El_Terrible on November 8, 2012 at 5:06 PM
But you’d better start pandering!!!! Let’s see, how many groups now does that make that these Romney butt-boys are blaming in their efforts to cover their own asses?
ddrintn on November 8, 2012 at 5:10 PM
By the way, what the hell does that mean? “Distinctive flavor”?

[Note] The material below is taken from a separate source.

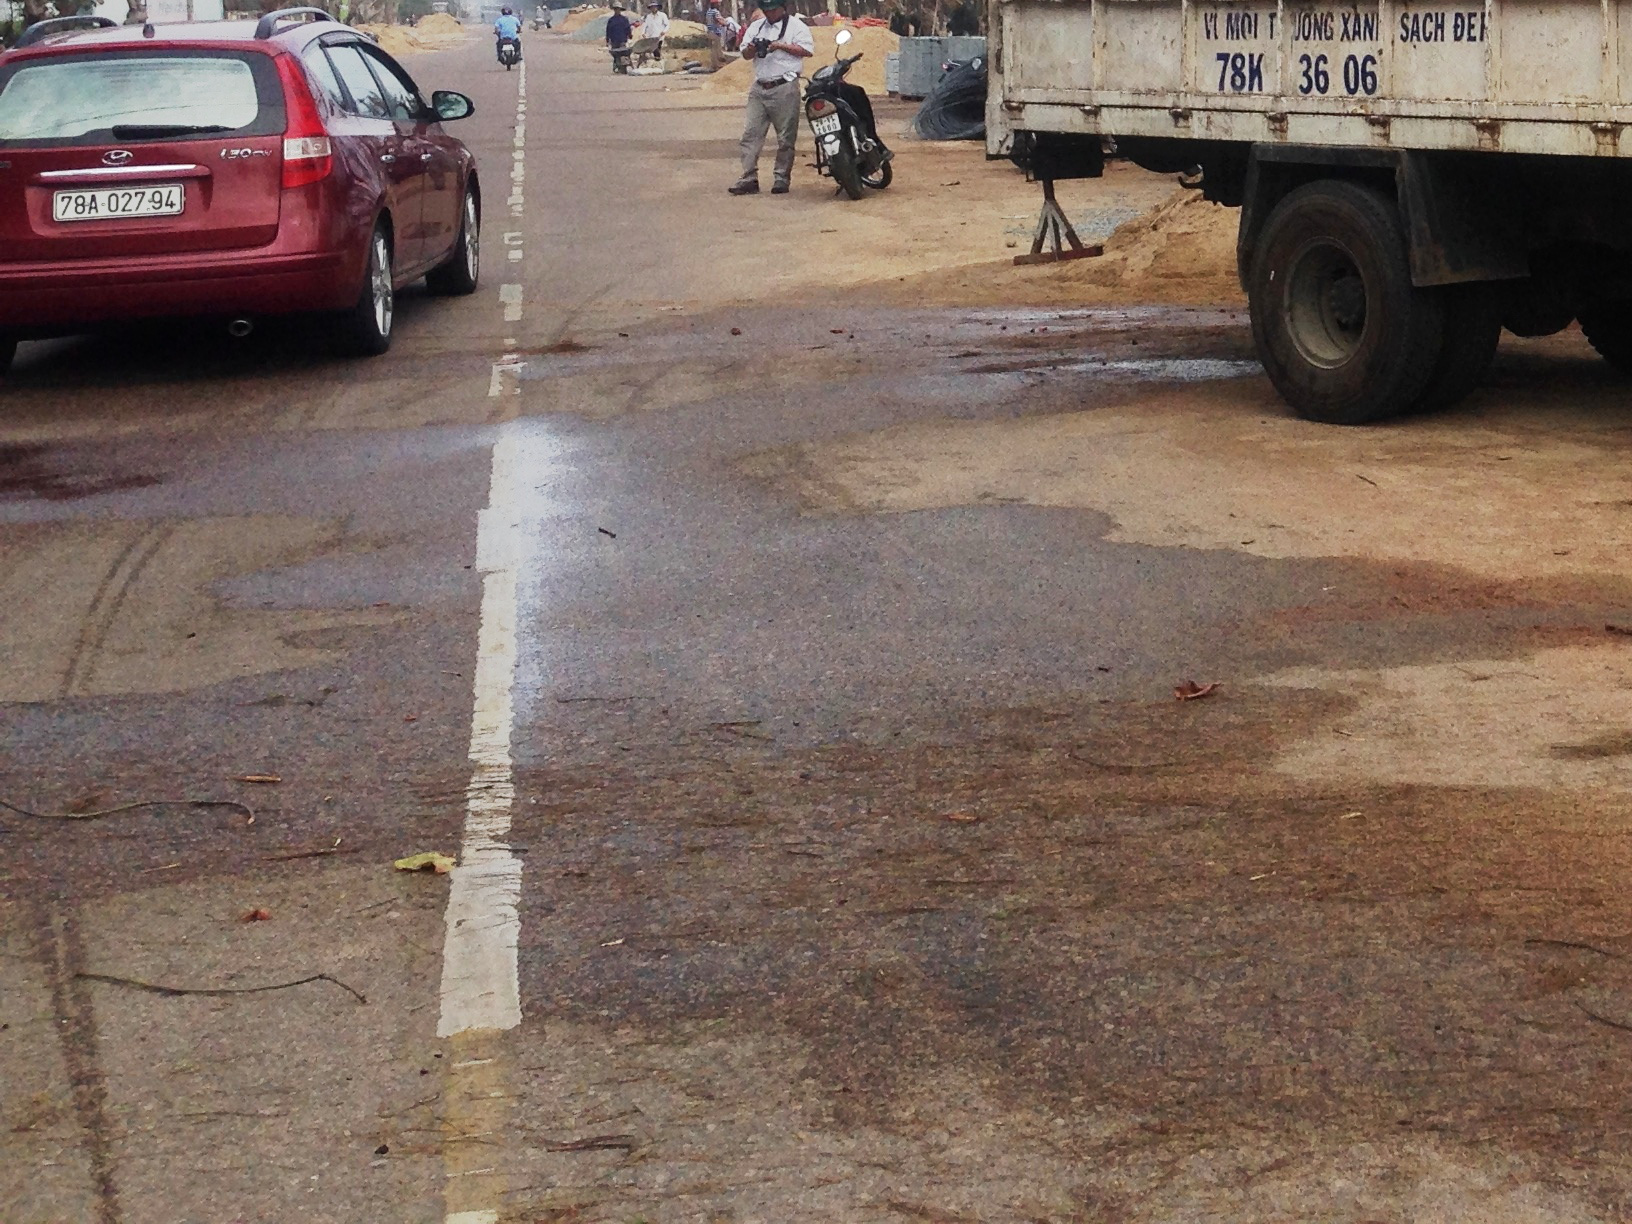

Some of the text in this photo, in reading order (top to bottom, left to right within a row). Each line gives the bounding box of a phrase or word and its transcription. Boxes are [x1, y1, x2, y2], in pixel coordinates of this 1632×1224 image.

[1340, 11, 1380, 42] XAN
[1215, 52, 1378, 96] 78K 36 06

ddrintn on November 8, 2012 at 5:12 PM
Hey Lowry, who got your endorsement again?
Valkyriepundit on November 8, 2012 at 5:20 PM
Can we quit with the naval gazing? The Democrats bought the election by paying campaign workers to heard no-information voters to the polls with Democrat ticket instruction cards. The lost the argument, but that didn’t mater because they just made up for it by pulling votes out of the sea of non-voters.
There will be no Republican victories until the Republican party does the same thing, sending out their own workers to round up non-voters and send them to the polls with Republican ticket cards.
Count to 10 on November 8, 2012 at 5:20 PM
I think how W called himself a compassionate conservative, Palin a common sense conservative, and Romney a severe conservative
El_Terrible on November 8, 2012 at 5:20 PM
I think it means he had nothing unique to set himself apart from a generic Republican. No signature policy proposal, nor a new twist on old issues. So the only evaluations people could do were a) do I like him personally, or b) do I like the Republican party generally?
AngusMc on November 8, 2012 at 5:22 PM
There is no argument that can win presidential elections anymore. There is only non-voter herding. Everything else is little more than a reduction in the numbers you have to generate.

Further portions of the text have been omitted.